River : Ouais, et c’est moi qui dois gérer tout ça pendant une heure. Et je pense que quand j’essayais de mettre mon public au-dessus de tout… c’est un piège, ou en tout cas ça l’était pour moi. Créativement, c’est un piège. Et encore une fois, je suis sûr que des gens ne sont pas d’accord. Je ne fais pas de supposition, j’essaie juste de trouver de l’humour dans mon expérience personnelle. C’est juste ça, et parfois, cette expérience c’est de la transphobie. Il y a plein d’humoristes qui racontent des choses transphobes, donc autant que je partage mon expérience, sinon ça sera les seules personnes à parler de transidentité. Et qu’on l’entende ou non, que je « devienne célèbre » ou non, c’est… (Je veux que tout le monde sache que j’ai fait des guillemets avec les doigts, là.) J’arrive pas à croire que j’ai la chance de faire ça. J’arrive pas à croire que c’est mon métier. C’était mon boulot de rêve et je savais même pas que c’était mon rêve. Je pensais que j’allais travailler comme caissier à Akron, dans l’Ohia, jusqu’à la fin de mes jours. Et je respecte ça aussi. Aucun manque de respect ici. Je pensais juste que je ne quitterais jamais ma ville d’origine.

Tuck : Ouais.

River : En fait, je n’avais même pas pensé qu’il y avait d’autres possibilités. Donc si n’importe qui veut m’écouter parler, c’est merveilleux, et je ne parle même pas du fait que je suis payé et que les gens passent un bon moment. C’est vraiment cool. Et je pense que c’est ce qui m’encourage, sur tout ce dont tu as parlé là, être ostracisé et rangé dans des catégories et tout ça. Et je me dis que si je passe ma vie à m’énerver à ce sujet, je ne fais que donner raison à ces problèmes. Et c’est pas pour dire que c’est pas nul. C’est vraiment nul. C’est vraiment nul de ne pas pouvoir juste exister. C’est comme mon podcast de baseball, qui doit être un podcast queer. Ben non, c’est un podcast sur le baseball, mais en même temps, je ne veux pas que ça ne soit pas un podcast queer, tu vois ? À force, on lâche l’affaire et on se dit « tant mieux, j’imagine qu’il y a plus de gens qui me connaissent comme ça ». Plus de gens vont en entendre parler. Mais je vois bien ce que tu veux dire. Je comprends vraiment. Et tant que je suis sur ce podcast, et j’espère que ça ne va pas en sortir et devenir un moment viral, je pense qu’une partie de son spectacle est un peu copiée sur mon spectacle Two Dope Queens. Ca sonne vraiment proche ! [River rit] Y’a une punchline ! Alors la punchline c’est pas « sois toi-même », hein. Mais j’ai un sketch ou l’idée de base, c’est « il n’y a pas assez de cases à cocher ». Et derrière Che, il y a littéralement un gros panneau en néons qui dit « cochez la case », et je me dis, « hmm, intéressant… » Évidemment, le monde tourne autour de moi. Tu comprends bien, Tuck.
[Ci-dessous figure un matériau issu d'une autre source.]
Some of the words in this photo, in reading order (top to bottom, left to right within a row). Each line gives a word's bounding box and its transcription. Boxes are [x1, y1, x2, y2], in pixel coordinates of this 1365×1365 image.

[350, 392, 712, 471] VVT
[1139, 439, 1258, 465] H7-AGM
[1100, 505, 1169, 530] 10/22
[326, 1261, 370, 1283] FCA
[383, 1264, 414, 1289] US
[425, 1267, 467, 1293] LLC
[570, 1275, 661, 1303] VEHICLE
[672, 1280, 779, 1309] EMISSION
Tuck : Oui, évidemment. Bon, je sais que tu as déjà dit par le passé que tu n’es pas un militant et que tu essaies juste de faire de l’humour, mais j’ai regardé ton compte Twitter et tu retweetes…

River : Oups. [River rit]

Tuck : Tu retweetes mes potes, et donc tes potes je suppose, qui parlent de sujets trans, plus souvent que tu ne parles d’humour. Et c’est logique parce que les questions trans c’est toujours urgent ! Mais quand tu essaies de faire des podcasts, des podcasts d’humour, toutes ces questions trans ressortent parce que les gens pensent avoir besoin de t’en parler, et ensuite il faut que tu les corriges parce qu’ils racontent n’importe quoi, et ils parlent de gens qui s’identifient comme des objets, et tu as cet excellent instinct que j’ai aussi de répondre « Il ne faut pas dire s’identifier mais juste être », et j’apprécie ça parce que je dis la même chose. Bref, tout ça pour dire que je te vois devenir un peu plus militant parce qu’on n’y échappe pas en ce moment, et je me demandais si tu te voyais aussi comme ça ou si tu résistes encore.
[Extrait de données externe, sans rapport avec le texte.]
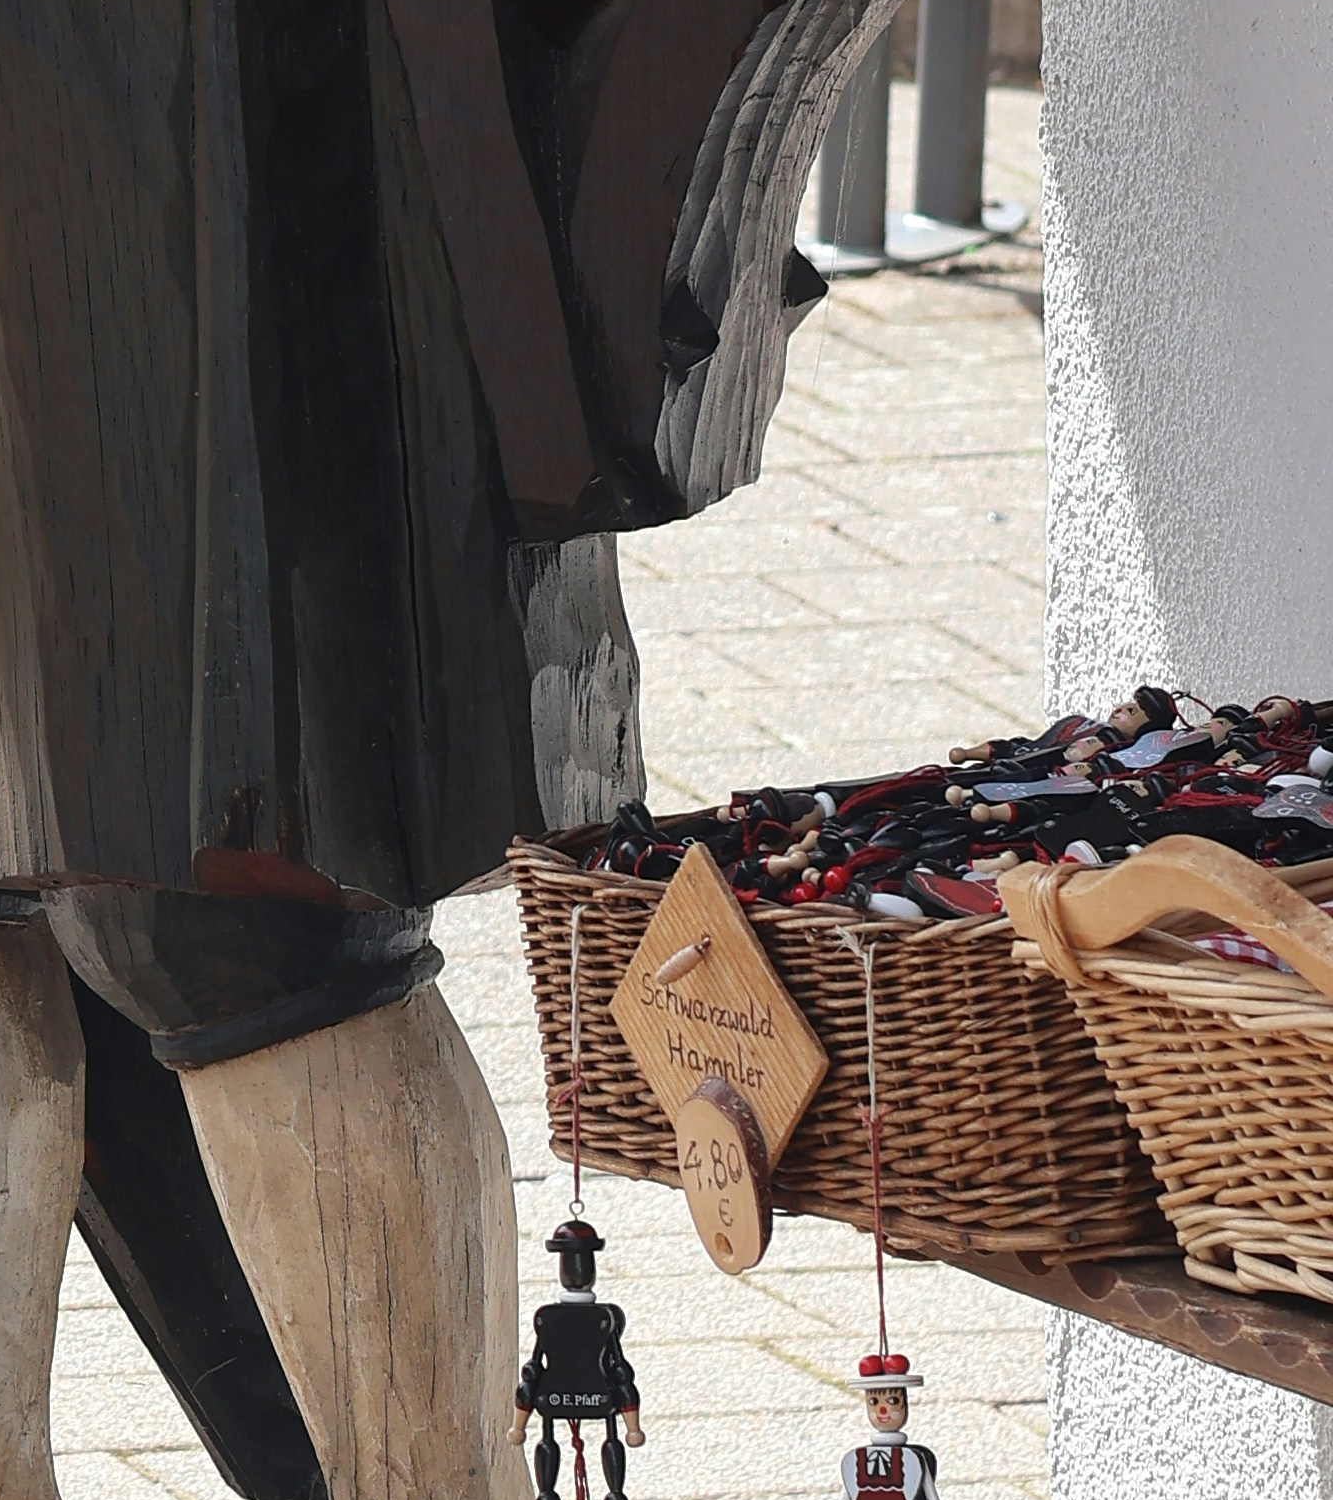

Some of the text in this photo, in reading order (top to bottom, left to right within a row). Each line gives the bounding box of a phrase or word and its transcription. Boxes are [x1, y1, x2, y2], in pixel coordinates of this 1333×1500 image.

[640, 972, 774, 1039] Schwarzwald
[683, 1138, 743, 1192] 4.80
[718, 1198, 734, 1228] €
[574, 1393, 602, 1406] Pfaff
River : Je pense que mon instinct me dit de dire que je ne suis pas un militant parce que je pense que… Pour revenir à ce qu’on disait plus tôt, sur le fait de glisser en dehors de la non-binarité, je veux dire que mon point de référence est non-binaire. Mon expérience interne, spirituelle, du monde, est non-binaire, même si mon expérience externe ne l’est pas forcément. Donc tout n’est pas blanc ou noir. On n’est pas militant ou pas militant. Je me dis que je fais ce que je peux avec ce que j’ai, et donc, je m’énerve contre les gens qui me qualifient de militant parce que dans certains endroits, dans certaines interviews, c’est un manque de respect. Il y a des humoristes qui ne parlent que de politique et on ne les traite pas de militants. On ne dit pas « un humoriste militant de droite », parce que c’est ça le centre, et ça, ça m’énerve. Et ensuite, je connais des gens qui sont militants, qui vivent dans une voiture qui est garée sur une canalisation pour en empêcher la construction… Tu vois ce que je veux dire ? Je fais pas ça, moi.

Tuck : Ouais.

River : Donc je pense que je ne veux pas m’approprier ce rôle parce que je vois aussi des gens qui sont des militants d’entreprise. Il y a un militantisme, surtout chez les LGBT, spécifiquement LGBT et pas queer, du militantisme du « capitalisme arc-en-ciel ». Et je ne veux pas appartenir à ça, me dire que mon opinion est un militantisme et… je ne veux pas cautionner ça. Mais en même temps, c’est important d’en parler, et je suppose que c’est bien du militantisme, alors je sais pas. J’hésite juste à mettre des étiquettes sur mes actions et moi-même parce que je sais que mon ego va adorer, et il faut que je reste humble, et… Il y a des gens qui me disent qu’il faut que j’utilise ma notoriété. Oui. C’est pour ça que je retweete des gens, j’ai pas mal de followers, j’ai une certaine couverture que je peux mobiliser. Mais ce n’est pas ma motivation parce que je pense que c’est un concept fallacieux. Et puis, comme je disais sur Instagram récemment, j’aimerais bien que mes proches n’aient pas besoin de militer. Tous les gens de mes cercles, qui sont proches de moi, qui partagent mes expériences de vie, mes ami·ies autochtones et acteur·ices ne peuvent pas juste faire leur métier. Iels doivent aussi militer pour les droits des personnes autochtones et, oui, c’est génial et incroyable et puissant, mais on était juste là pour faire notre travail, en fait. Ca fait partie de tout ça. Je respecte et j’apprécie et je suis reconnaissant pour le travail des personnes qui militent, mais j’aimerais bien ne pas avoir besoin de le faire ! Et je sais que les activistes se sentent comme ça aussi.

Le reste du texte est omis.